The following code works. But it doesn't exploit the parallel structure and takes about a day to finish !
for(i in 1:ncol(target))
{ assign(model[i],cv.glmnet(x,target[,i],family="binomial",alpha=0,type.measure="auc",grouped=FALSE,standardize=FALSE,parallel=TRUE))
}
Can someone point to me on how to exploit the parallel structure in this case?
Stumbled upon this old thread and thought it would be useful to mention that with the future framework, it is possible to do nested and parallel foreach()
calls. For instance, assume you have three local machines (which SSH access) and you want to run four cores on each, then you can use:
library("doFuture")
registerDoFuture()
plan(list(
tweak(cluster, workers = c("machine1", "machine2", "machine3")),
tweak(multiprocess, workers = 4L)
))
model_fit <- foreach(ii = seq_len(ncol(target))) %dopar% {
cv.glmnet(x, target[,ii], family = "binomial", alpha = 0,
type.measure = "auc", grouped = FALSE, standardize = FALSE,
parallel = TRUE)
}
str(model_fit)
The "outer" foreach-loop will iterate over the targets such that each iteration is processed by a separate machine. Each iteration will in turn process cv.glmnet()
using four workers on whatever machine it ends up on.
(Of course, if you only got access to a single machine, then it makes little sense to do nested parallel processing. I such cases, you can use:
plan(list(
sequential,
tweak(multiprocess, workers = 4L)
))
to parallelize the cv.glmnet()
call, or alternatively,
plan(list(
tweak(multiprocess, workers = 4L),
sequential
))
, or equivalently just plan(multiprocess, workers = 4L)
, to parallelize over targets.
In order to execute "cv.glmnet" in parallel, you have to specify the parallel=TRUE
option, and register a foreach parallel backend. This allows you to choose the parallel backend that works best for your computing environment.
Here's the documentation for the "parallel" argument from the cv.glmnet man page:
parallel: If 'TRUE', use parallel 'foreach' to fit each fold. Must register parallel before hand, such as 'doMC' or others. See the example below.

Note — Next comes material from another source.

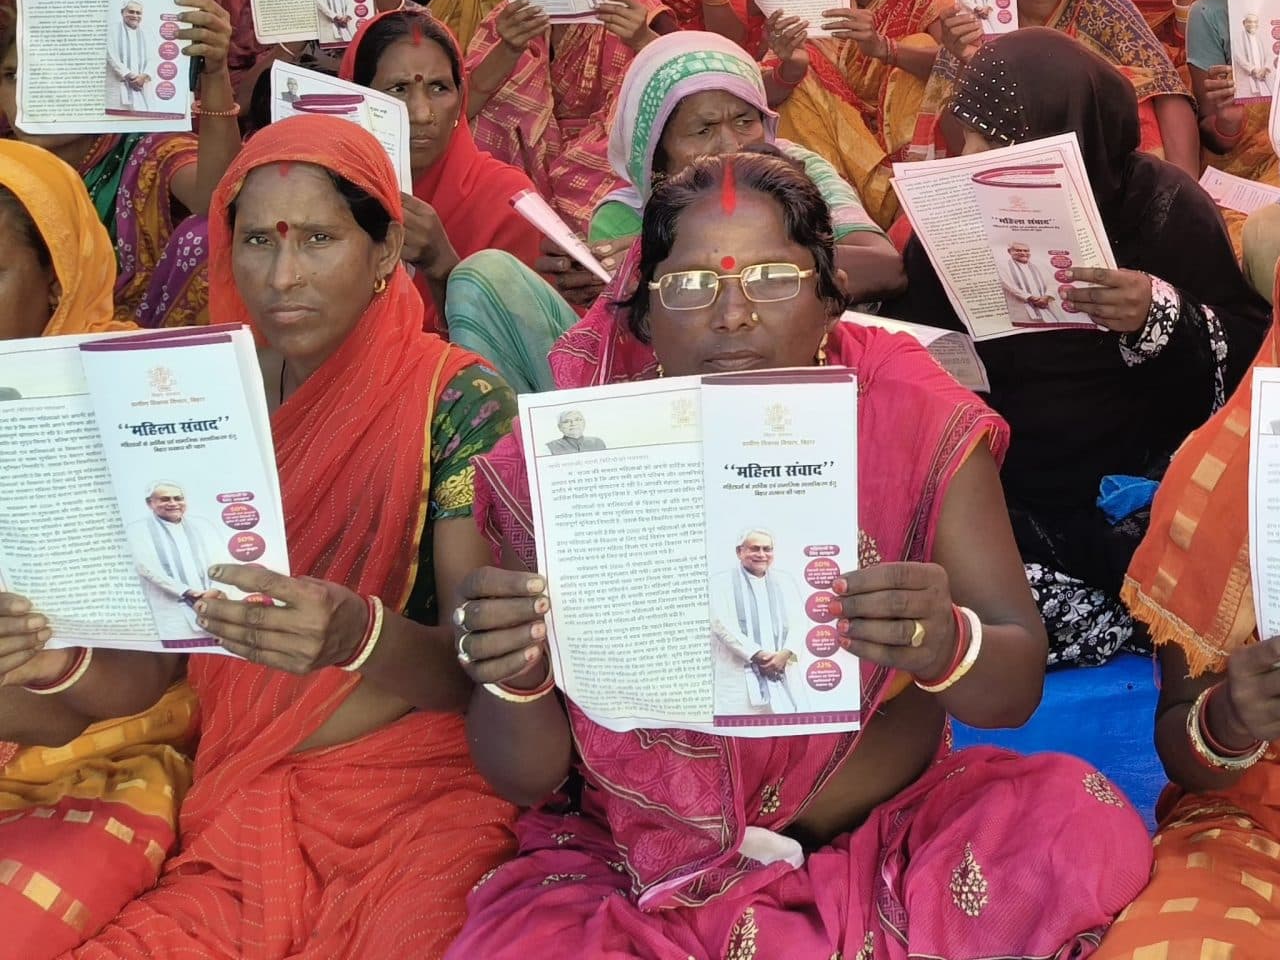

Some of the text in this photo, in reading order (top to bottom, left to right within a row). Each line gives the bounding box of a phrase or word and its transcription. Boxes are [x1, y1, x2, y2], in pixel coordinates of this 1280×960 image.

[119, 416, 229, 436] “महिला संवाद”
[724, 461, 834, 478] “महिला संवाद”

Here's an example using the doParallel package which works on Windows, Mac OS X, and Linux:
library(doParallel)
registerDoParallel(4)
m <- cv.glmnet(x, target[,1], family="binomial", alpha=0, type.measure="auc",
grouped=FALSE, standardize=FALSE, parallel=TRUE)
This call to cv.glmnet will execute in parallel using four workers. On Linux and Mac OS X, it will execute the tasks using "mclapply", while on Windows it will use "clusterApplyLB".
Nested parallelism gets tricky, and may not help a lot with only 4 workers. I would try using a normal for loop around cv.glmnet (as in your second example) with a parallel backend registered and see what the performance is before adding another level of parallelism.
Also note that the assignment to "model" in your first example isn't going to work when you register a parallel backend. When running in parallel, side-effects generally get thrown away, as with most parallel programming packages.